Records for this task -
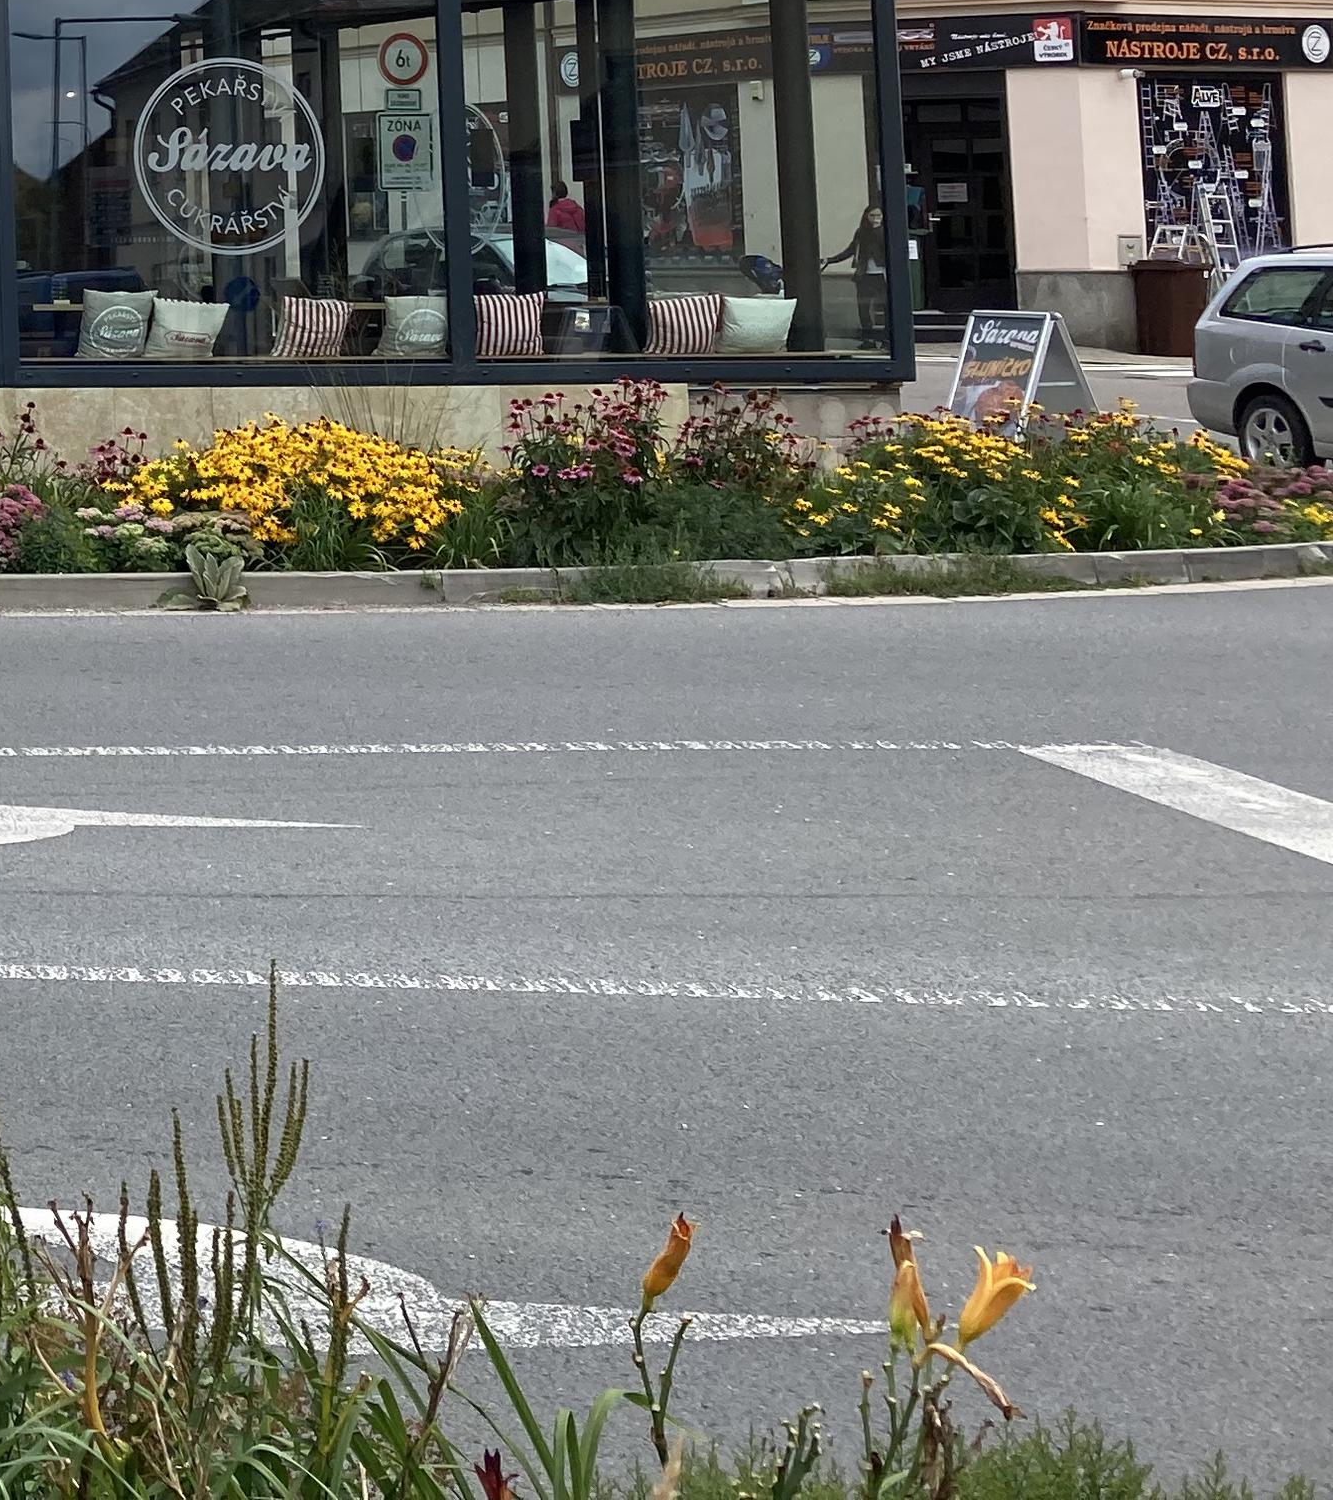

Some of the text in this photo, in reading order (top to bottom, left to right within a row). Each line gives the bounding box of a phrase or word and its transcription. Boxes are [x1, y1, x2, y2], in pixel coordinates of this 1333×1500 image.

[1087, 20, 1133, 31] Značková
[1135, 22, 1176, 35] prodejna
[1214, 23, 1253, 37] nástrojů
[1254, 26, 1261, 34] a
[1262, 25, 1296, 35] brusiva
[395, 49, 411, 68] 6t
[919, 56, 937, 68] MY
[941, 48, 972, 63] JSME
[1105, 38, 1280, 62] NÁSTROJE CZ, s.r.o.
[722, 57, 763, 72] s.r.o.
[170, 73, 297, 123] PEKAŘSTVÍ
[387, 117, 422, 133] ZÓNA
[147, 125, 313, 172] Sázava
[972, 319, 1040, 344] Sázava
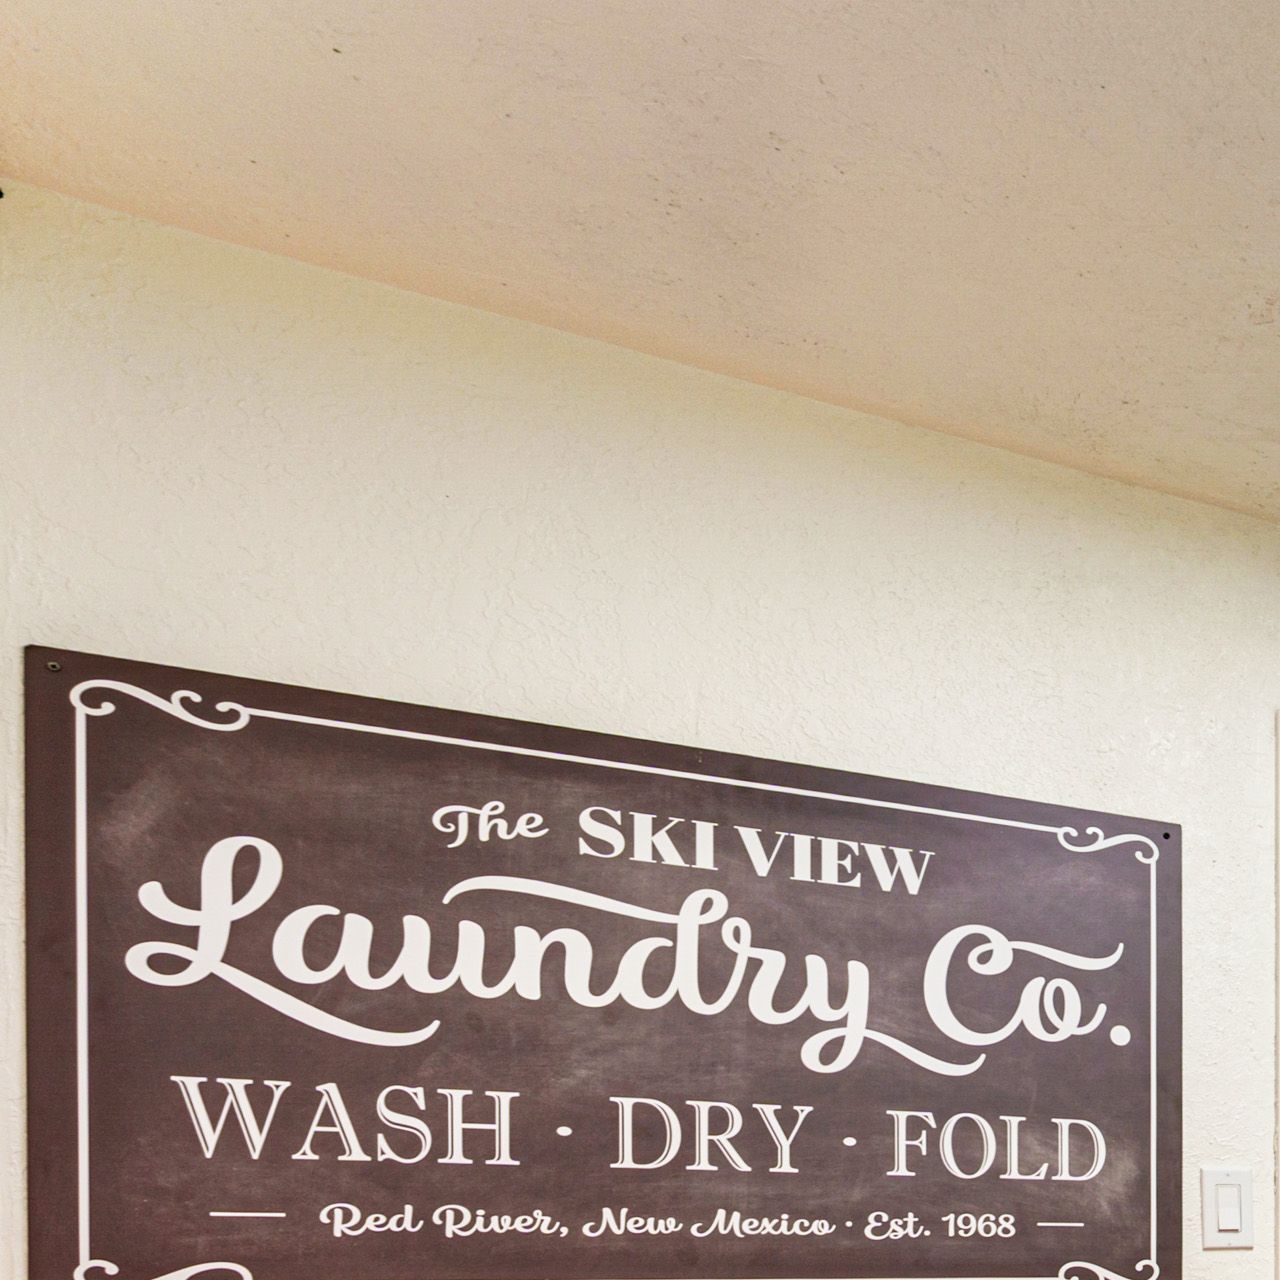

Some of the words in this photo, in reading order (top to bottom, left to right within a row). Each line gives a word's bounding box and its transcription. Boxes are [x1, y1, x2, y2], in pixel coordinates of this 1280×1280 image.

Task to carry out -
Every line above should be retyped exactly; the pictures do not belong in the copy.

Written solution -
Some of the text in this photo, in reading order (top to bottom, left to right within a row). Each line gives the bounding box of a phrase or word and its transcription. Boxes are [x1, y1, x2, y2], in pixel coordinates of this 1333×1500 image.

[1087, 20, 1133, 31] Značková
[1135, 22, 1176, 35] prodejna
[1214, 23, 1253, 37] nástrojů
[1254, 26, 1261, 34] a
[1262, 25, 1296, 35] brusiva
[395, 49, 411, 68] 6t
[919, 56, 937, 68] MY
[941, 48, 972, 63] JSME
[1105, 38, 1280, 62] NÁSTROJE CZ, s.r.o.
[722, 57, 763, 72] s.r.o.
[170, 73, 297, 123] PEKAŘSTVÍ
[387, 117, 422, 133] ZÓNA
[147, 125, 313, 172] Sázava
[972, 319, 1040, 344] Sázava

Some of the words in this photo, in reading order (top to bottom, left to right within a row). Each line gives a word's bounding box and its transcription. Boxes are [x1, y1, x2, y2], in pixel coordinates of this 1280×1280 image.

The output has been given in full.